暗勁の秘密



 霍文学氏の技の感触を思い出していたら、あることに気がついた。それは、質量の大きいものは目標に当たった後も速度が落ちず、そのまま進み続けるということである。

 霍文学氏の腕は私の体に当たった後も速度が落ちなかったのだと思う。ゆっくりながらも速度が落ちずに、私の体と一緒に進んでいったのだろう。逆に言えば、私の体は瞬時に霍氏の腕と同じ速度にまで加速されてしまったのだ。

 当たっても速度が落ちず、相手の体を一瞬に加速する。これが暗勁の秘密ではないかと思う。ゆっくりでも車にぶつかればダメージが大きいのは、車はぶつかっても止まらず、そのまま進んでくるからである。同じようなことが武術の世界にも存在するのだと思う。そんな力が体幹部に加われば、外傷はなくても内臓にダメージがあることだろう。

 霍文学先生はゆっくり動くだけでなく、瞬発的な力も見せてくださった。コンクリートの壁や鉄柱に打撃や体当たりを行うと、ズシン、ズシンと重く、鋭さを秘めた衝撃音が聞こえてきた。

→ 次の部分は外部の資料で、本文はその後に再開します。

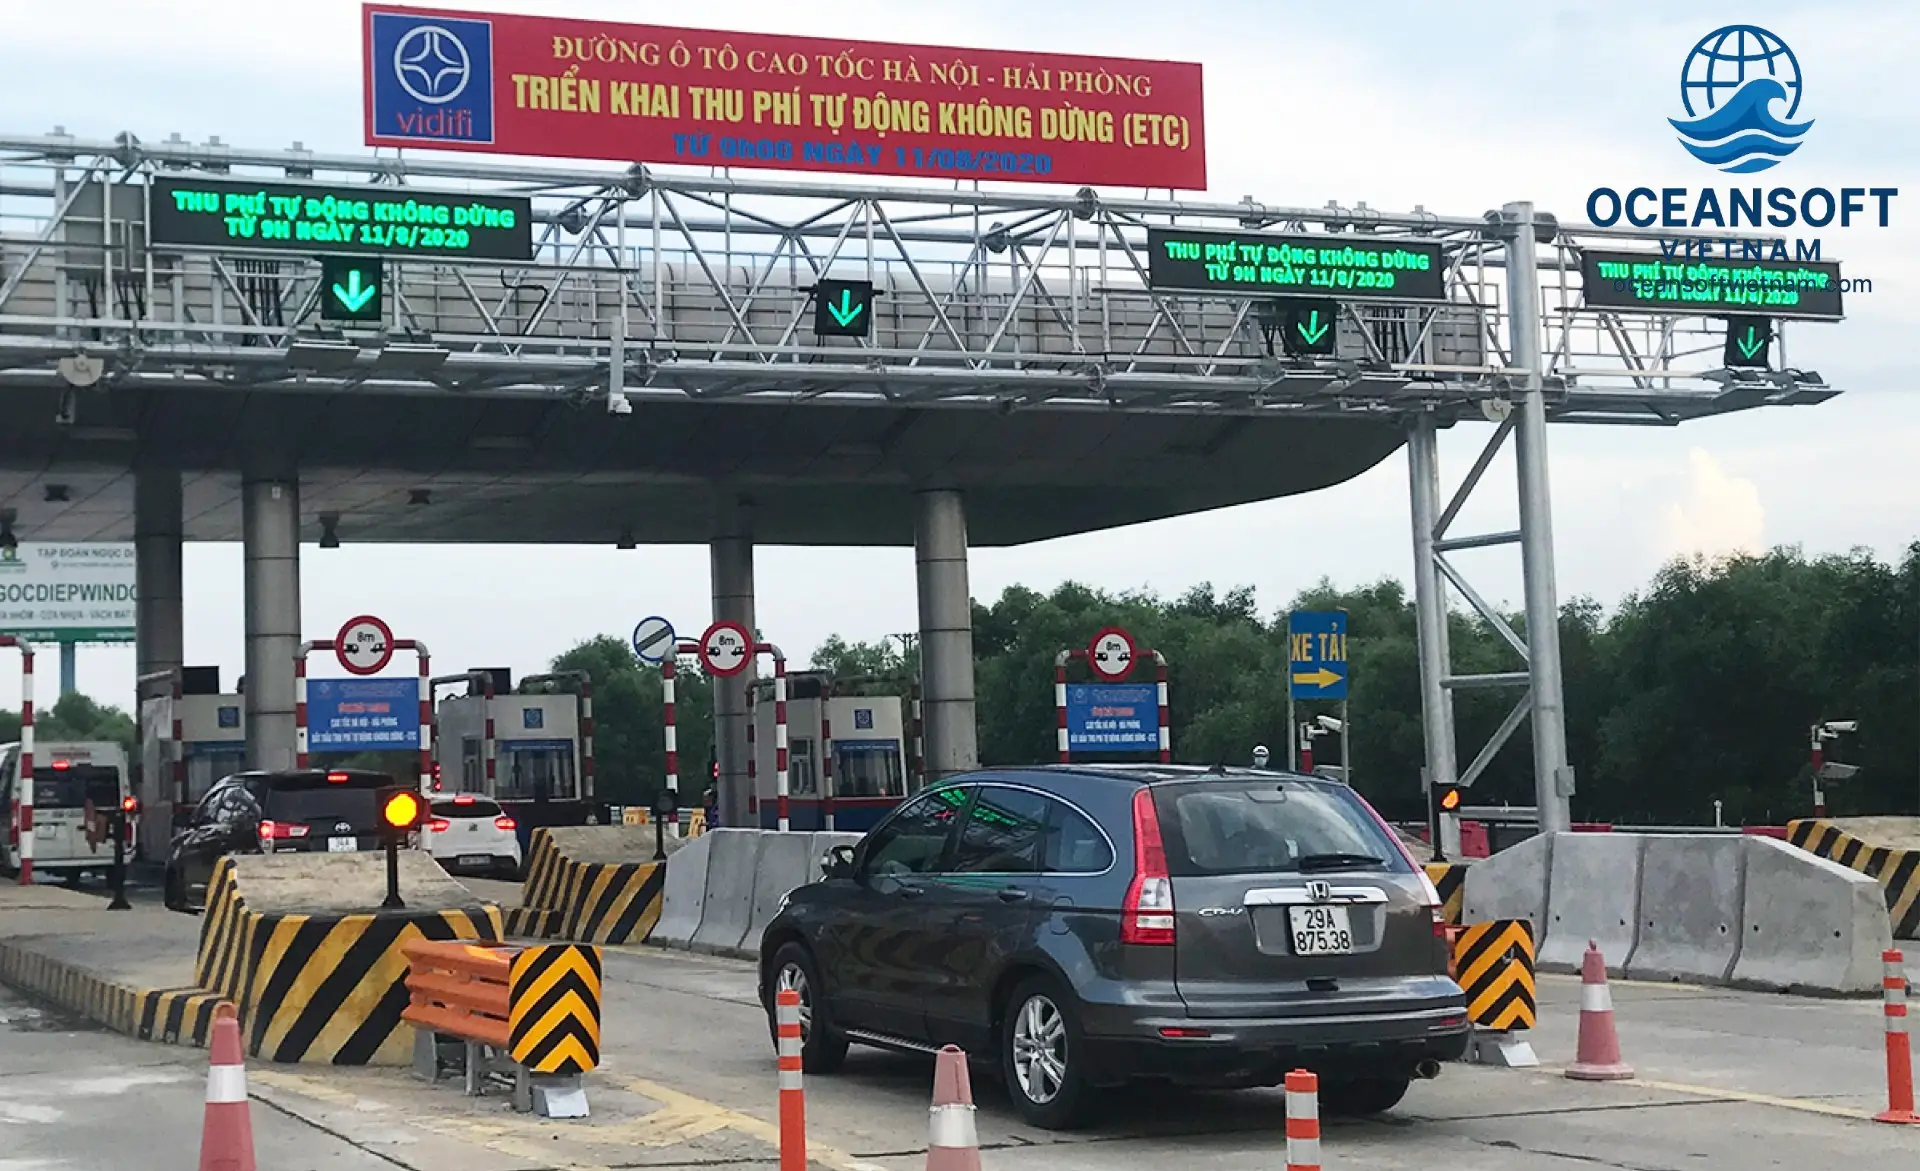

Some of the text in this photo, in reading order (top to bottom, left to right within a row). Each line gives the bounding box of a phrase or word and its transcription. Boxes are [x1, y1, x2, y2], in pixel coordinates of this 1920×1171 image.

[552, 33, 660, 66] ĐƯỜNG
[668, 40, 691, 68] Ô
[699, 43, 739, 71] TÔ
[747, 51, 808, 76] CAO
[816, 49, 875, 80] TỐC
[883, 56, 922, 84] HÀ
[930, 60, 980, 93] NỘI
[1003, 63, 1050, 92] HẢI
[1059, 67, 1152, 97] PHÒNG
[396, 107, 473, 137] vidifi
[511, 64, 1191, 150] TRIỂN KHAI THU PHÍ TỰ ĐỘNG KHÔNG DỪNG (ETC)
[673, 131, 712, 155] TỪ
[803, 139, 882, 165] NGÀY
[895, 146, 1052, 174] 11/08/2020
[171, 190, 515, 229] THU PHÍ TỰ ĐỘNG KHÔNG DỪNG
[224, 215, 470, 248] TỪ 9H NGÀY 11/8/2020
[1165, 240, 1429, 270] THU PHÍ TỰ ĐỘNG KHÔNG DỪNG
[1598, 262, 1628, 278] THU
[1205, 261, 1394, 288] TỪ 9H NGÀY 11/8/2020
[718, 635, 736, 646] 8m
[1106, 641, 1121, 651] 8m
[1291, 621, 1347, 661] XE TẢI
[1304, 909, 1336, 929] 29A
[1296, 931, 1350, 951] 875.38

 あんなに重い打撃を鋭い発勁で打ち出したら、いったいどうなるのか。私はその圧倒的な質量を体験しているだけに、今や伝説とされる李書文の逸話も信じることができるのである。

 最近では李書文の武術を練習している人でさえ、その逸話を単なる伝説、ホラ話として信じない人が増えている。

 今回改めて思ったのは、それはその人のしている練習の延長上に、霍文学氏や李書文のような境地が感じられないからだろうと思う。だから、やればやるほど他人事になってしまうのだと思う。

 套路や外見が同じように見えても、何か練習法に違いがあるのだろう。霍慶雲の弟子、範伝儀氏も「霍家には秘密がある」とおっしゃっていた。同じ練習をしているにしては、実力に違いがありすぎるというのだ。それは練習量では解決できない差なのだろう。

 皇帝や将軍を警護するような武術は、やはりわれわれが一般に触れることができるものとは質が違うのだと思う。世の中には想像もできない世界があるのだ、ということは大東流の佐川先生や霍文学先生にお会いして、実感することである。